😔

Giacomo Leopardi

Data nascita1798
Anni vita39
Data morte1837

Biografia

🐣
A Recanati, nel 1798 nasce Giacomo Leopardi, primo genito di una stirpe nobile.

Il padre, il conte Monaldo Leopardi, è un erudito che attribuisce allo studio un valore sommo ed educa i propri figli a trascorrere nella ricca biblioteca di famiglia gran parte del tempo fin dalla primissima infanzia.

La madre, la marchesa Adelaide Antici, è una donna dura e severa con i suoi figli e si occupa con rigore dell’amministrazione economica della famiglia.

Per questa ragione e per la rigida educazione religiosa ricevuta, Adelaide rinuncia poco più che ventenne alla propria giovinezza e si consacra a due occupazioni esclusive: appianare i debiti familiari e dedicarsi a pratiche devote.

Giacomo si distingue molto presto dai fratelli, impiegando negli studi una passione smodata e dimostrando un talento straordinario; quando il ragazzo compie quattordici anni il prete precettore che era stato suo maestro smette le sue lezioni perchè non aveva più niente da insegnarli.
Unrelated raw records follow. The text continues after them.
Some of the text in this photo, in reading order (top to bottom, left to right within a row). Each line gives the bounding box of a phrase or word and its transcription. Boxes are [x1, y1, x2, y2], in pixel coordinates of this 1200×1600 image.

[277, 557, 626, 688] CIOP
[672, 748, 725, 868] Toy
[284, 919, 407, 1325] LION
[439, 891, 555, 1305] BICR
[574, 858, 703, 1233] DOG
Dagli appunti trovati nelle sue carte, probabilmente annotati intorno ai vent’anni, emerge la figura di un fanciullo disposto alla fantasia, curiosissimo di tutto.
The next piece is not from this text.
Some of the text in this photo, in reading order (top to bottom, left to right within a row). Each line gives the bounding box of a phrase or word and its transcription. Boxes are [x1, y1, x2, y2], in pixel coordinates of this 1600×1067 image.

Giacomo ricorda il suo desiderio di primeggiare tra i fratelli e il suo odio per la tirannide.

Trova spazio l’apprensione per chiunque soffra, che lo fa fuggire quando sente rimproverare a voe alta qualche servitore di casa o gli fa sperare che un ragazzetto guardato dalla finestra di casa risparmi la lucciola che gli si è posata addosso.
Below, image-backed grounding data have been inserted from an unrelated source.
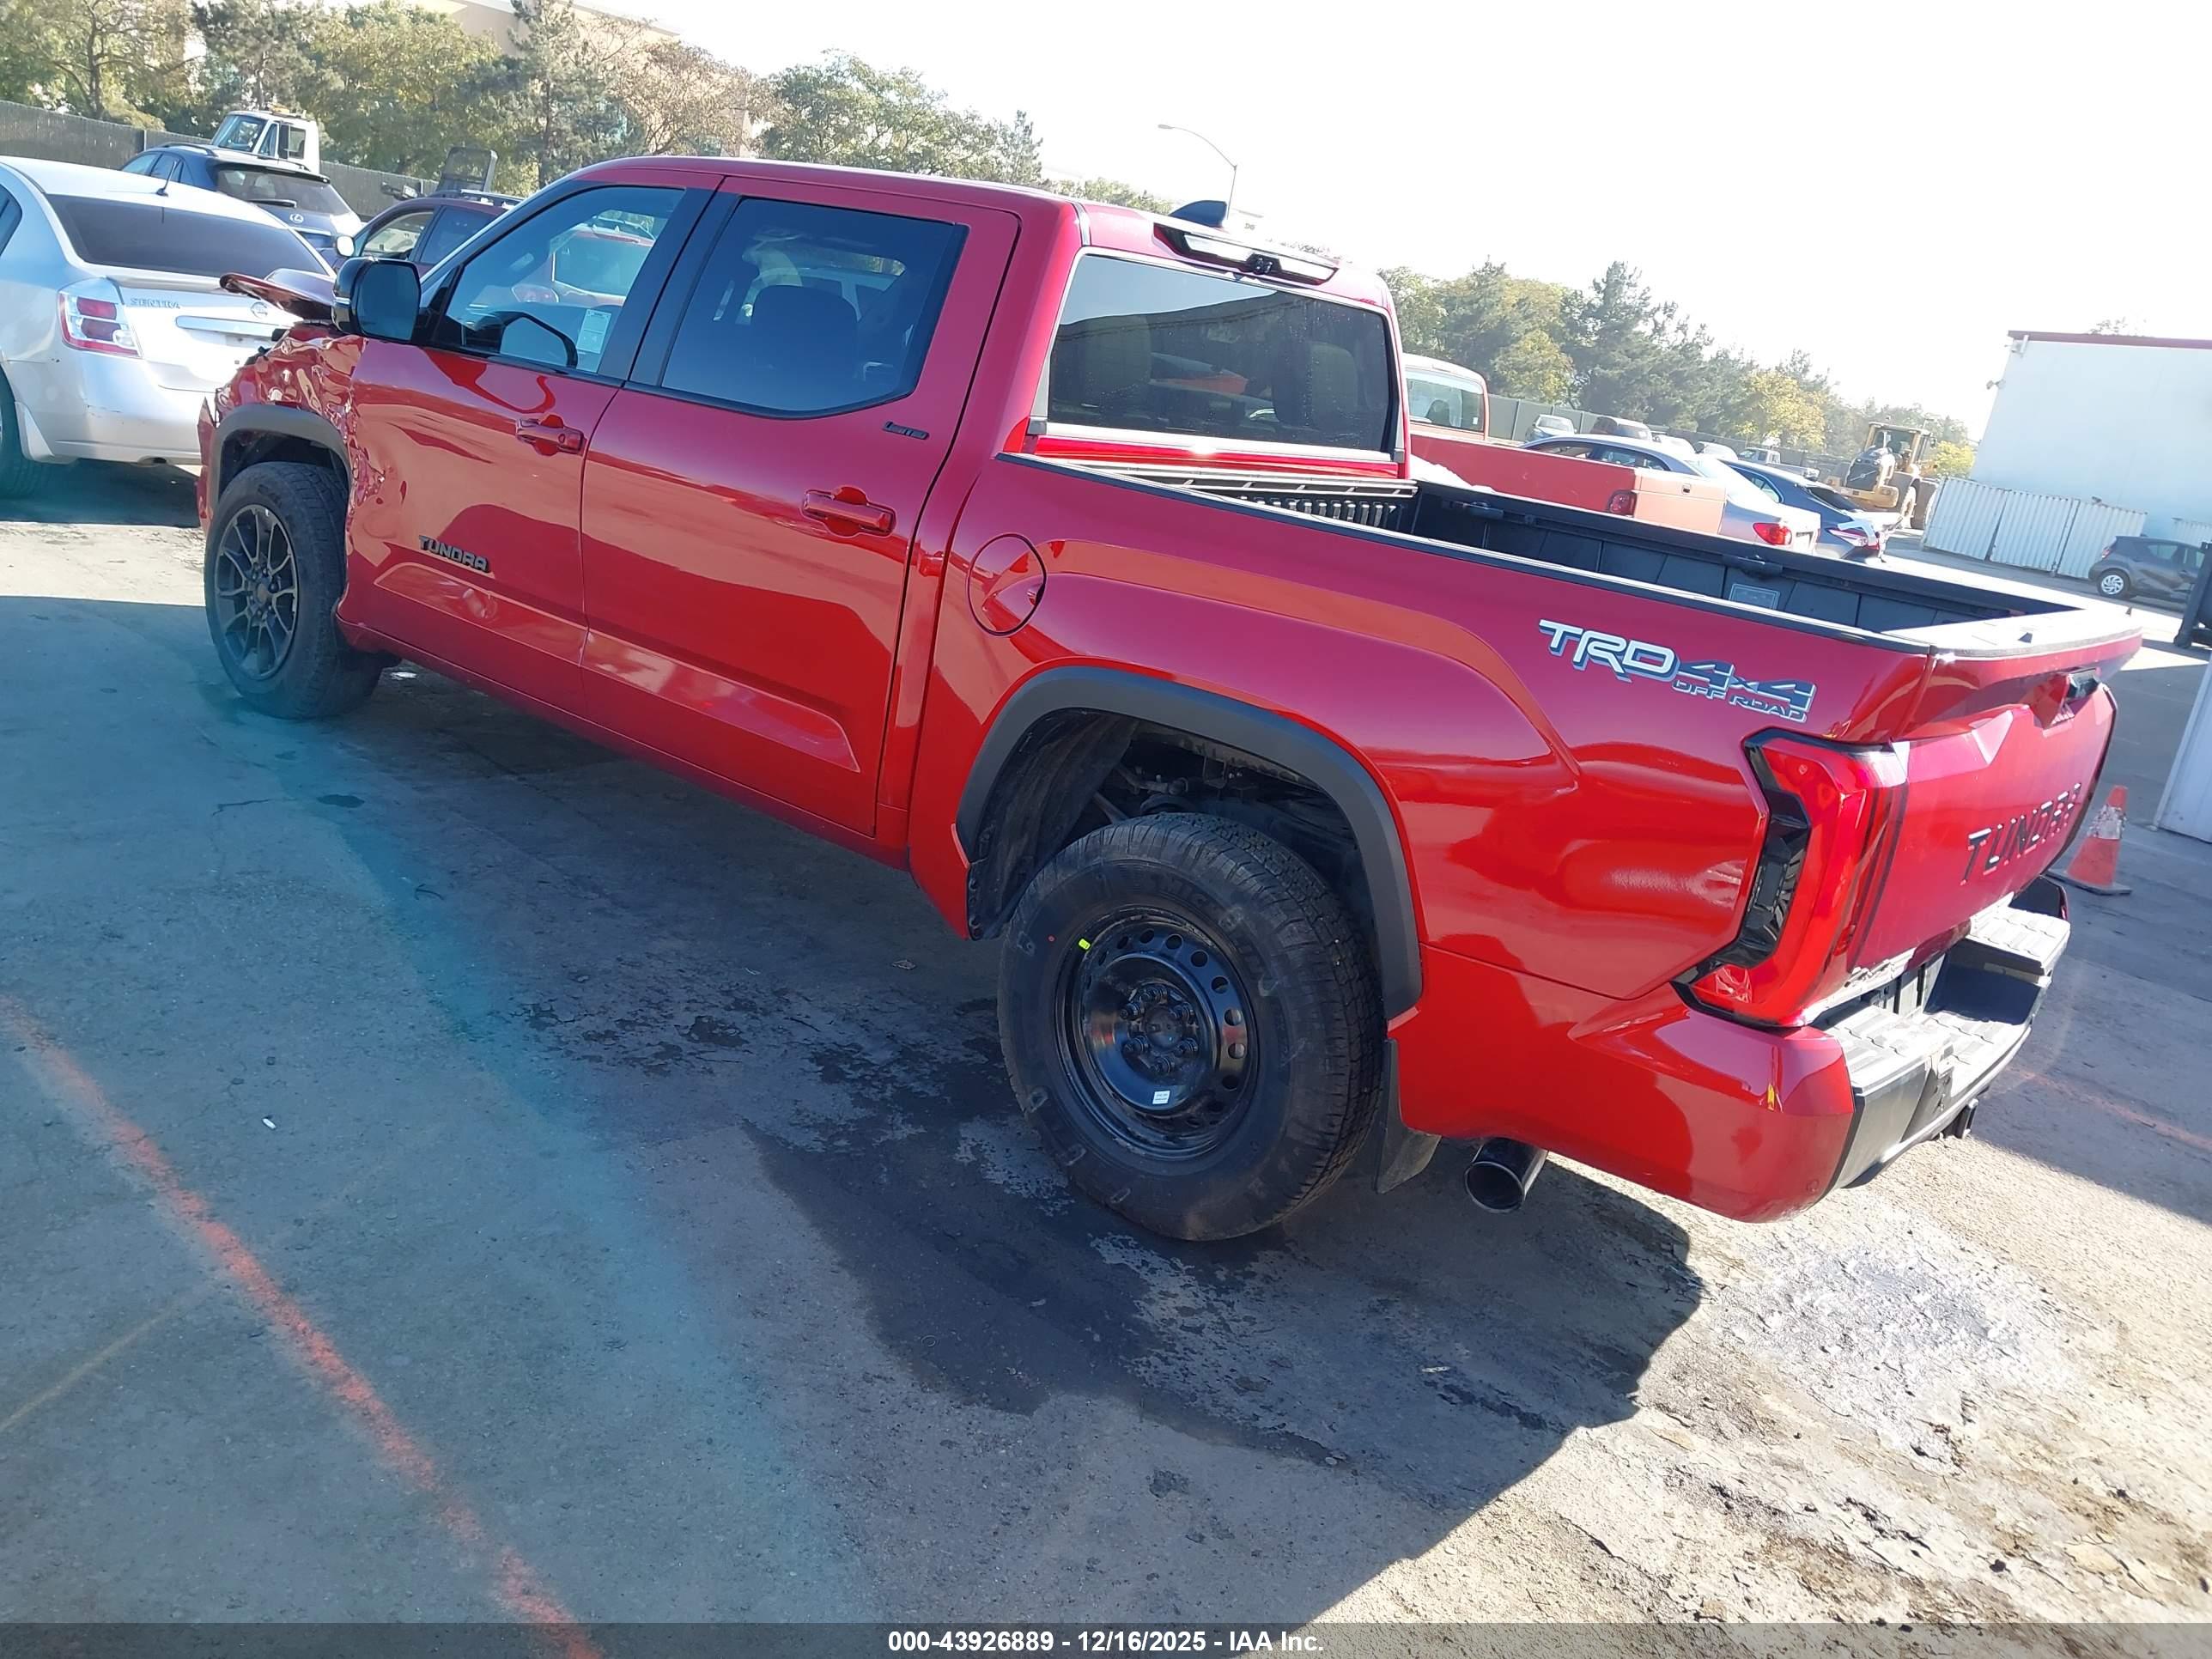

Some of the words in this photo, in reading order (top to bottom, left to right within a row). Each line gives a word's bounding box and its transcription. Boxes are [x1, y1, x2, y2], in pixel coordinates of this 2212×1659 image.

[130, 297, 181, 309] SENTRA
[418, 534, 489, 573] TUNDRA
[1539, 618, 1680, 683] TRD
[1671, 678, 1727, 702] OFF
[1728, 694, 1808, 723] ROAD
La reclusione genera nel giovane Giacomo desideri di vedere il mondo.

Questa intensa vita interiore si esprime non soltanto nella scrittura di opere erudite e filologiche, ma anche in poesia: ha soltanto diciotto anni quando pubblica Le rimembranze.

Il giovane prova una sofferenza sempre più forte per i limiti di Recanati, è infatti una società chiusa e del tutto arretrata sul piano culturale.

💭
Leopardi assume una posizione molto personale a favore del Classicismo

A diciannove anni Leopardi entra in corrispondenza con il letterato Pietro Giordani.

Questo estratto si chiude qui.